*What needs to be done:* Give the listing back in full, exactly as written, with the pictures removed.

*Data shown:*
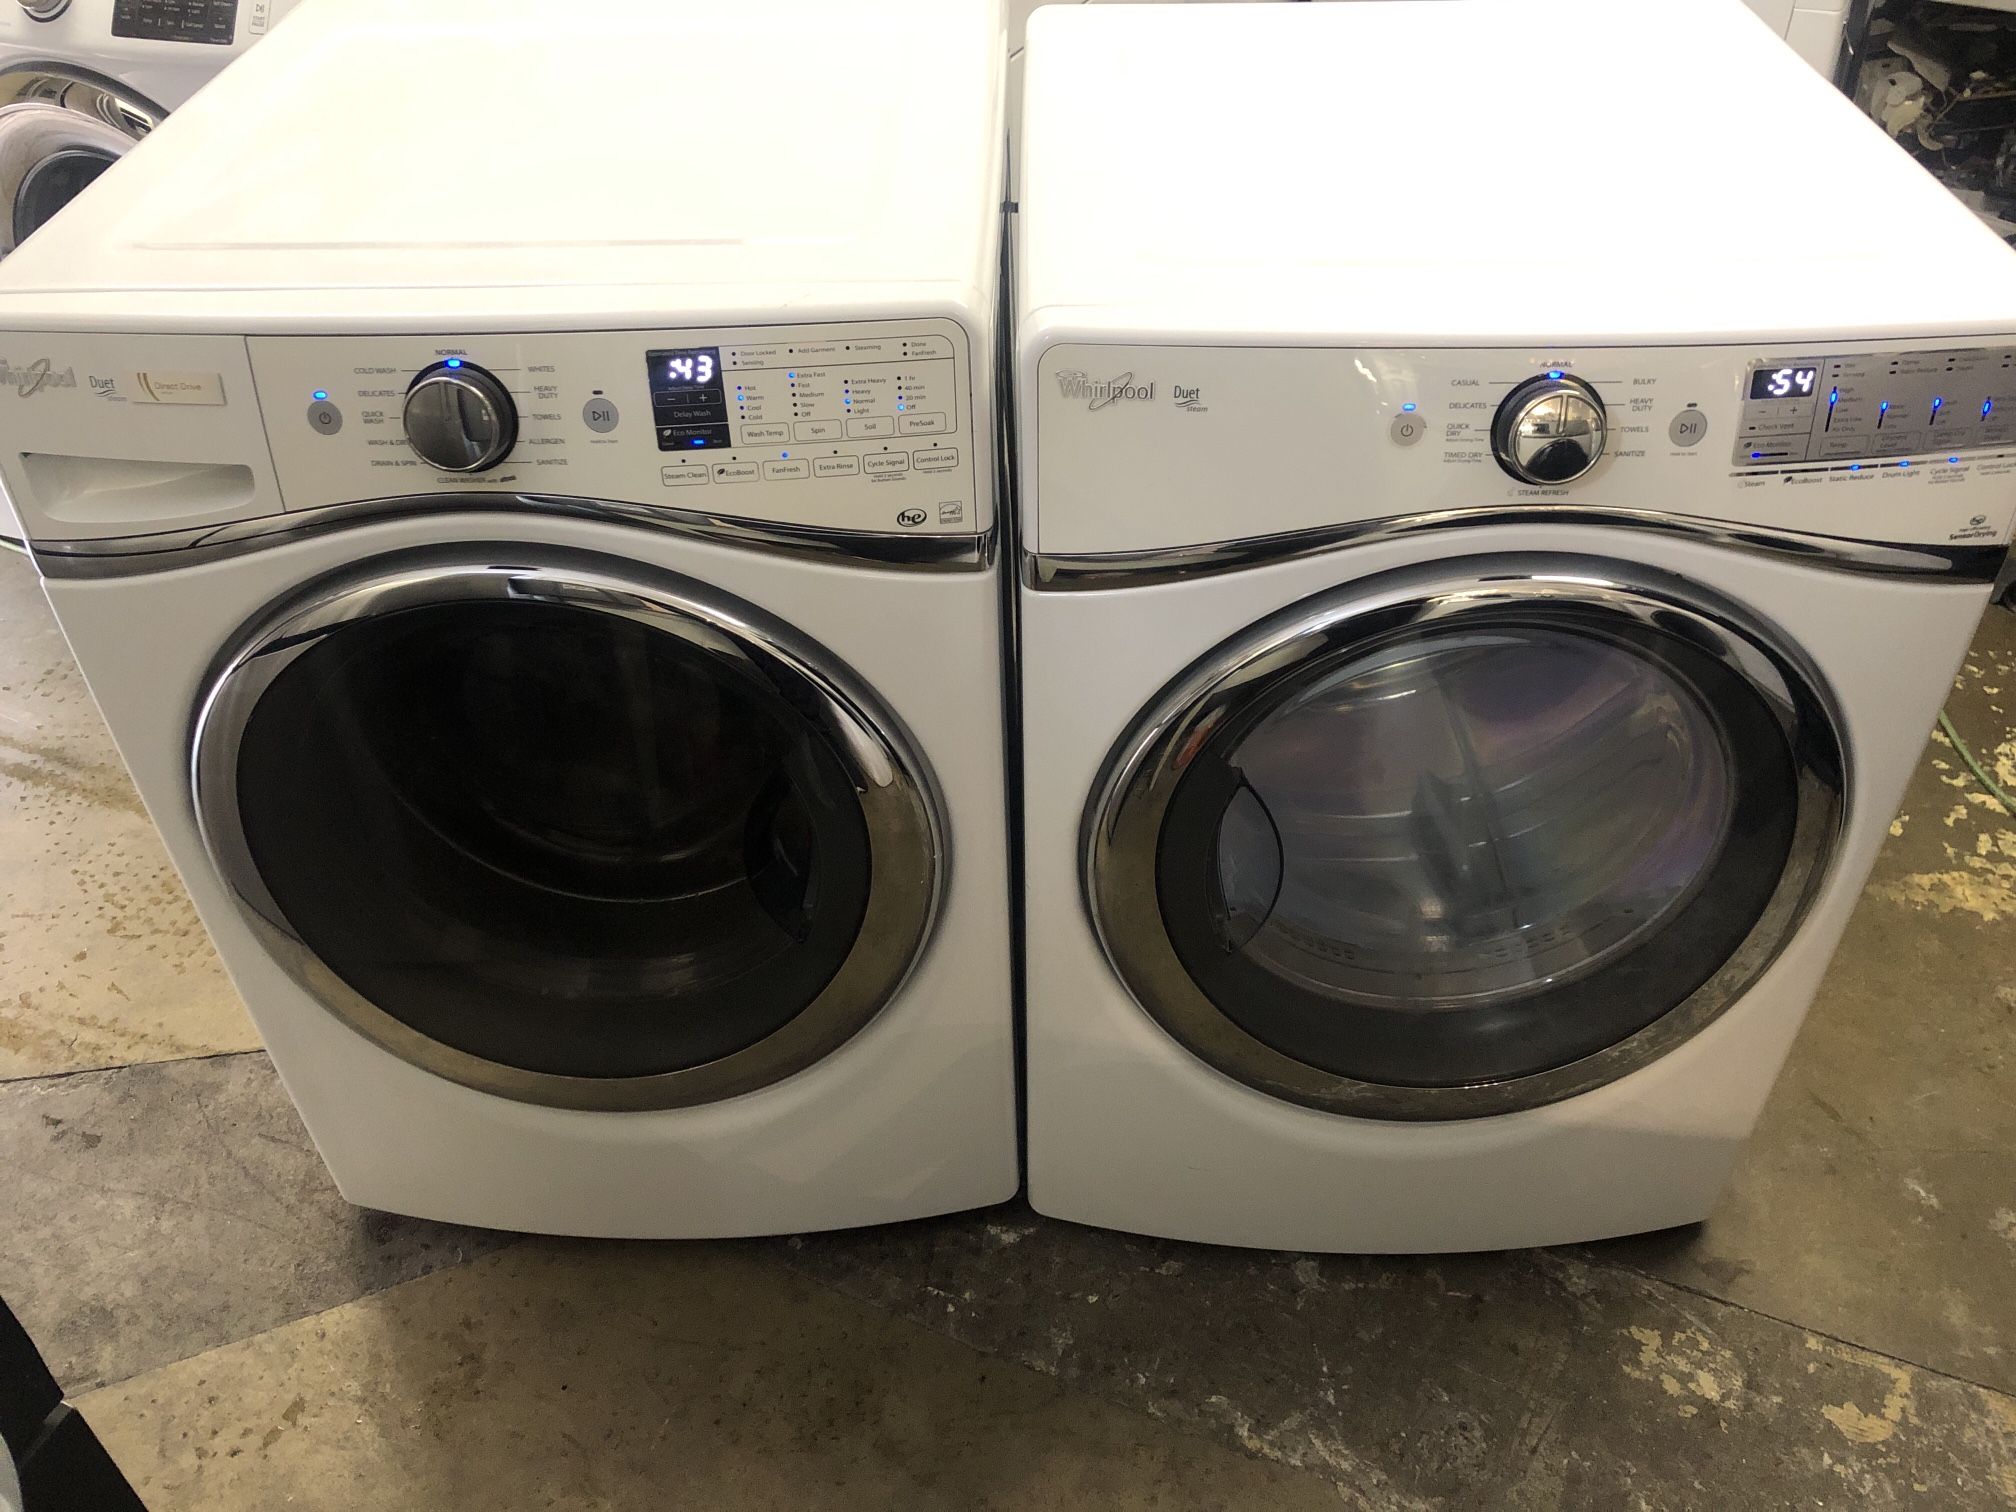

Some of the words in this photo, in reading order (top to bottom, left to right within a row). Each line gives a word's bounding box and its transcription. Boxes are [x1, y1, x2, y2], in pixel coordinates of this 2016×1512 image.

[88, 375, 115, 388] Duet
[1058, 377, 1154, 403] Whirlpool
[1173, 385, 1200, 399] Duet
[916, 455, 939, 463] Control
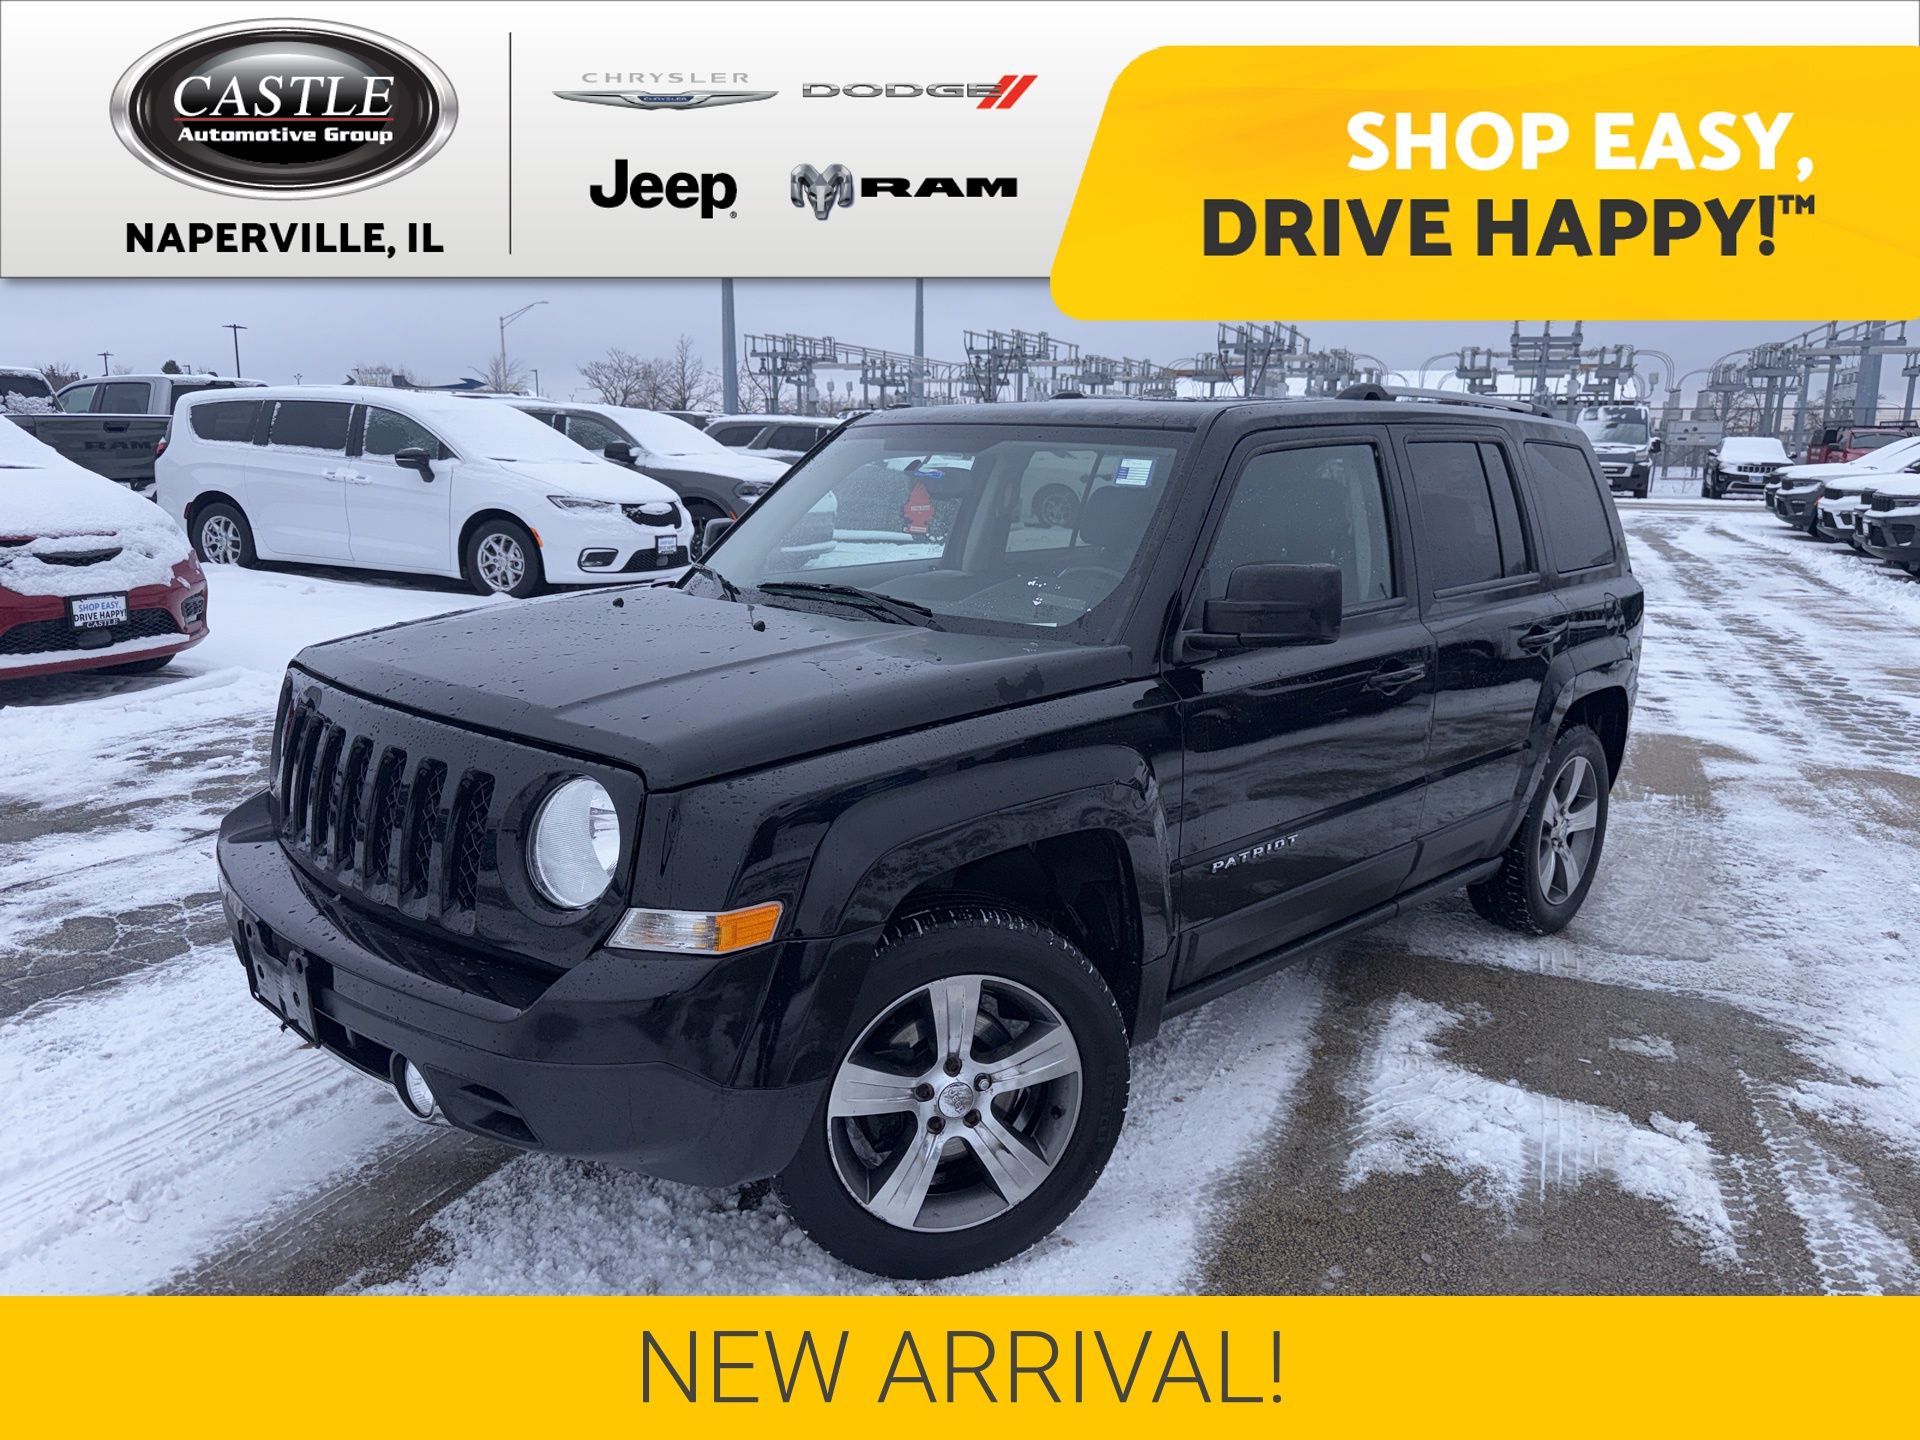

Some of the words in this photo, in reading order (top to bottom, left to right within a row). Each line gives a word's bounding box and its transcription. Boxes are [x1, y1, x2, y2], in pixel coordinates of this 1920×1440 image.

[84, 441, 153, 449] RAM
[78, 602, 100, 612] SHOP
[74, 612, 98, 622] DRIVE
[99, 608, 127, 619] HAPPY!
[86, 618, 118, 629] CASTLE
[1211, 833, 1299, 874] PATRIOT

*Exercise solution:*
Some of the words in this photo, in reading order (top to bottom, left to right within a row). Each line gives a word's bounding box and its transcription. Boxes are [x1, y1, x2, y2], in pixel coordinates of this 2016×1512 image.

[88, 375, 115, 388] Duet
[1058, 377, 1154, 403] Whirlpool
[1173, 385, 1200, 399] Duet
[916, 455, 939, 463] Control

Some of the words in this photo, in reading order (top to bottom, left to right within a row). Each line gives a word's bounding box and its transcription. Boxes are [x1, y1, x2, y2], in pixel coordinates of this 1920×1440 image.

[84, 441, 153, 449] RAM
[78, 602, 100, 612] SHOP
[74, 612, 98, 622] DRIVE
[99, 608, 127, 619] HAPPY!
[86, 618, 118, 629] CASTLE
[1211, 833, 1299, 874] PATRIOT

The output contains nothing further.